Those who read the Bible with Gentile spectacles need to take another look. It took a lifetime to do this translation because of the research involved. Moreover, the problem with Bibles translated by a committee is that usually none of the committee members actually studies every single word in the original languages.  Being led by G-d to spend 31 years doing exactly that, always in Jewish communities, always in the midst of Chasidic Jews, and always surrounded by the finest array of scholarly and rabbinic books: this was a divinely provided, unique advantage.  Consequently, part of the OJB is already being translated into Hebrew and Yiddish and Russian, and is available online even now in Spanish and Ladino.

But why another translation? Why the OJB?  To answer that question, let's look at the OJB rendering of Isaiah 7:14.  "Therefore Hashem Himself shall give you an ot (sign); hinei (behold),  Ha-Almah (The unmarried young Virgin) shall conceive, and bear Ben (Son), and shall call shmo (his name)  Immanu-El (G-d is with us)." 

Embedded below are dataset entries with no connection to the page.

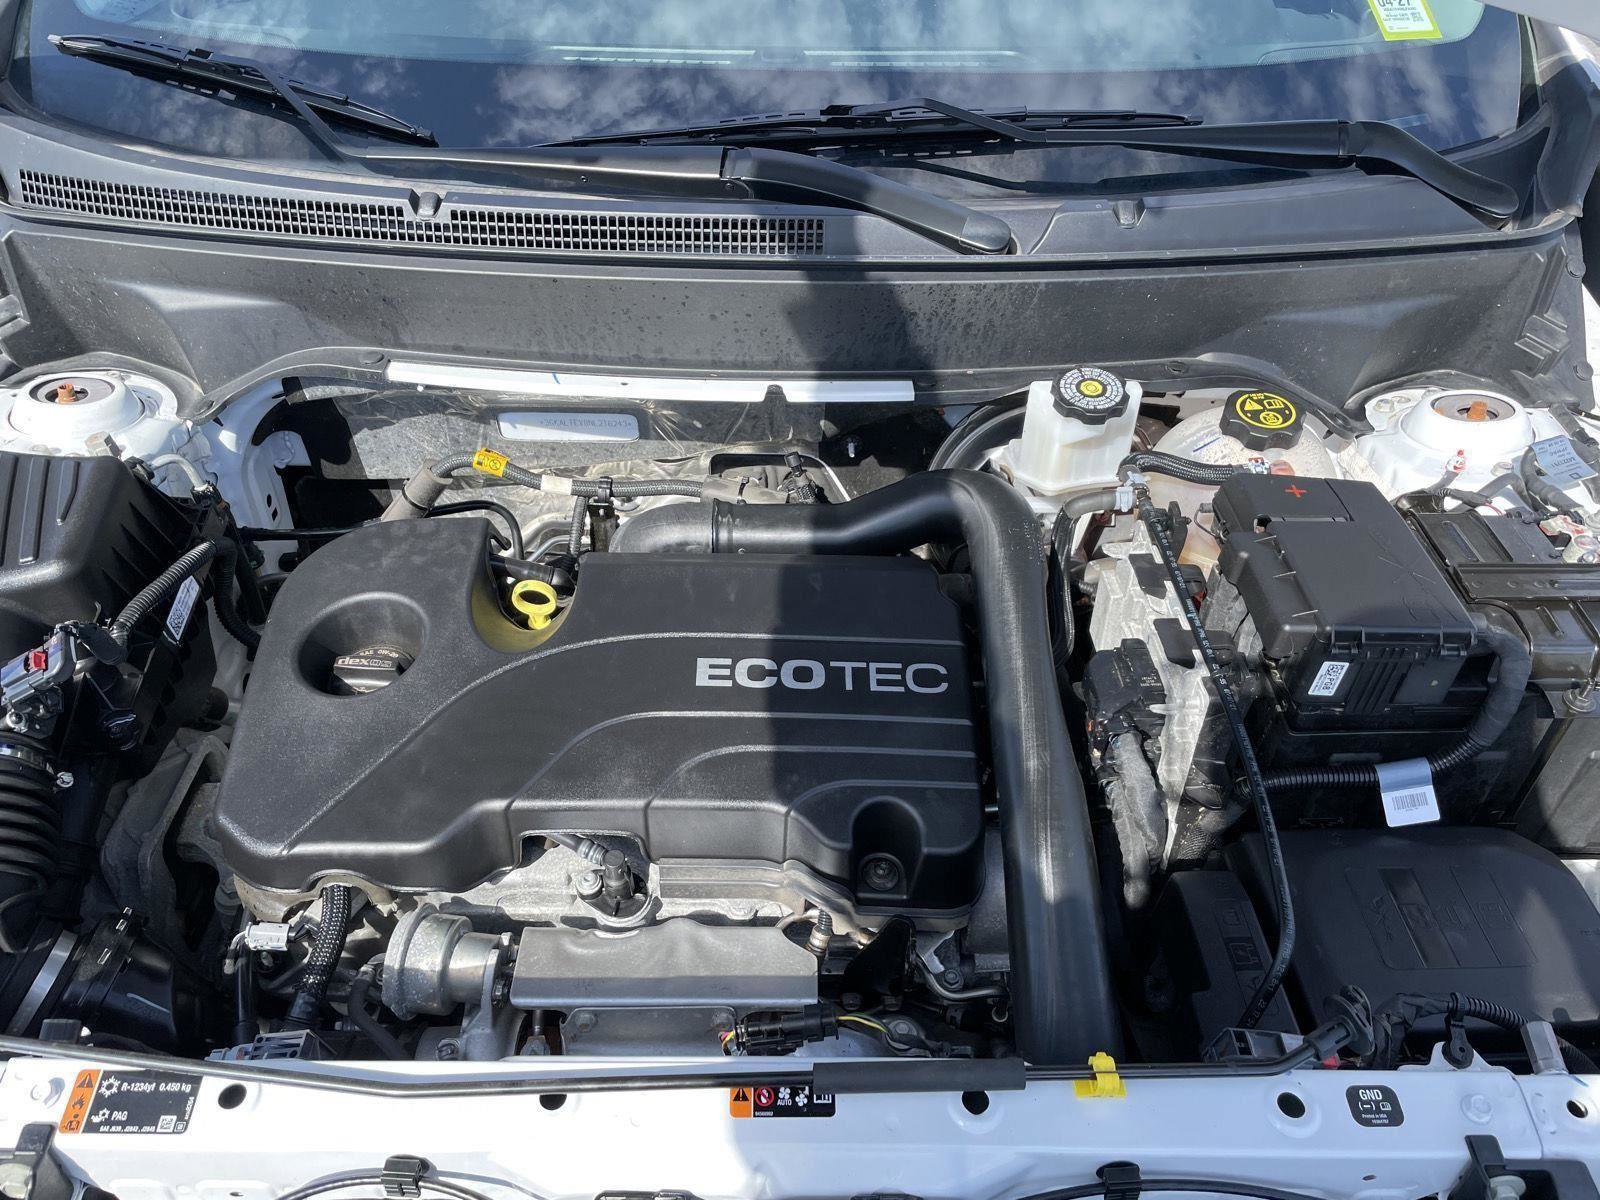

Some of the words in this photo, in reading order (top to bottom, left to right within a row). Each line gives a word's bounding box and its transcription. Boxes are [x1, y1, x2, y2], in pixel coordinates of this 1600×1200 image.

[337, 656, 392, 667] dexos
[695, 657, 949, 694] ECOTEC
[121, 1082, 156, 1093] R-1234yf
[159, 1082, 180, 1092] 0.450
[181, 1082, 192, 1093] kg
[1359, 1089, 1382, 1101] GND
[111, 1110, 128, 1121] PAG

From Isaiah's writings we learn that stubborn and unteachable people like the proud religious leaders in Isaiah chapter 28 and proud King Ahaz in chapter 7 don't lower themselves to "factor in" signs, but a sign of tongues will be given to the unbelievers in Isaiah chapter 28; and, to Ahaz and the House of David, a sign will be given of the unmarried young virgin conceiving (a potentially scandalous sign, wouldn't you say, when we think of teenage unwed mothers?).  Furthermore, this sign will be given, whether Ahaz wants it or not.  (Judging from their "young woman" rendering of Ha-Almah, apparently many "Ahaz" Bible translators have not wanted it). When we think of "the" virgin, the only other times in the entire Tanakh that we see the expression ha-Almah (the virgin), is that unmarried young virgin Rikvah (Rebekah) in Genesis 24:43 who is preparing in that passage to conceive the nation of Israel; and that unmarried young virgin Miryam, who is preparing to bring forth the Savior of the Exodus (Ex 2:8).   So let's begin our discussion by pointing out that there are only three ha-Almah virgins in Scripture: the mother of Moshiach (Isa 7:14) and the mother of the Nation of Israel (Gn 24:43) and Miryam the virgin pointing us to the Savior of the Exodus (Ex 2:8).

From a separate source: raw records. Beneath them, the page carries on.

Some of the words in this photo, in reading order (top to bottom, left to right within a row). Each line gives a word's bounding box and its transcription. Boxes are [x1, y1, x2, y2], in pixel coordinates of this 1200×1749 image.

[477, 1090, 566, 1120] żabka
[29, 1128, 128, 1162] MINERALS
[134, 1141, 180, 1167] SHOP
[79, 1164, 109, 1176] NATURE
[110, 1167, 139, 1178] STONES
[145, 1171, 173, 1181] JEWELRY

But in this passage, Isaiah 7:14, Moshiach is promised. What is at stake in this one word ha-Almah?   The answer is: simply everything.  If, according to the Hebrew Scriptures, Moshiach was not born of the Almah virgin, then he is not Ben HaElohim, he is not Moshiach, and we are not delivered from death's eternal judgment by the one who is "G-d with us." [See p. 1222 for a long list of places where the word almah occurs in the OJB Index].

So, to say the least, it is worth probing the Scriptures to study this and related words. A passage in Judges chapter 8, mentions royal bearing (verse 18) and also the word pilegesh (concubine, verse 31).  See also Shir Hashirim (Song of Songs) chapter 6 verse 8, where that passage infers the royal bearing in the harem of the pilegesh as concubine and the royal bearing of malkah (queen) as legitimate royal wife and the royal bearing of almah (who in the harem has the royal bearing of betulah or virgin, not merely "young woman" since a merely young woman would throw a question on hereditary rights to the throne in that any young woman who was only that, only a woman, only young, and then introduced into the harem other than a virgin could destabilize the dynastic heirdom for the reason that in dynastic monarchy the child would normally be of the king's body begotten and there can be no question about this fact; so in this matter the three classes of women in the harem--[1] malkah, [2] pilegesh and [3] almah=betulah, Song of Songs 6:8---are crucial technical terms having to do with not only sexual matters vis-a-vis the king  but political matters vis- a-vis the succession government of the dynastic monarchy.  This matter of royal bearing of the almah as betulah or virgin is decisive in translating Isaiah 7:14 "ha-Almah" as "the virgin" particularly here since the context of "Bais Dovid" (verse 13) shows that a royal almah, not just any almah, is in view; see Shir Hashirim 6:8 "there are threescore melakhot (queens), and fourscore pilagshim (concubines), and without number‑‑alamot (virgins, singular=almah; alam=young man 1Sm 20:22; 17:56)."  [Note: alamot is plural of almah, "virgin," alamot, "virgins."] See Shir Hashirim 1:3; Yeshayah 7:14; Bereshis 24:43; Shemot 2:8; Mishle 30:19 where the word means explicitly or implicitly "virgin" and where "young unmarried woman" is not an adequate rendering, in this case, since the king was hardly interested in only "young unmarried women" in his harem, but demanded "virgin unmarried maidens"; the older Jewish translations like Harkavy's in fact translated the word as "virgin" in Song of Songs 6:8 until it became "politically incorrect" to do so in later, more liberal Jewish translations into English.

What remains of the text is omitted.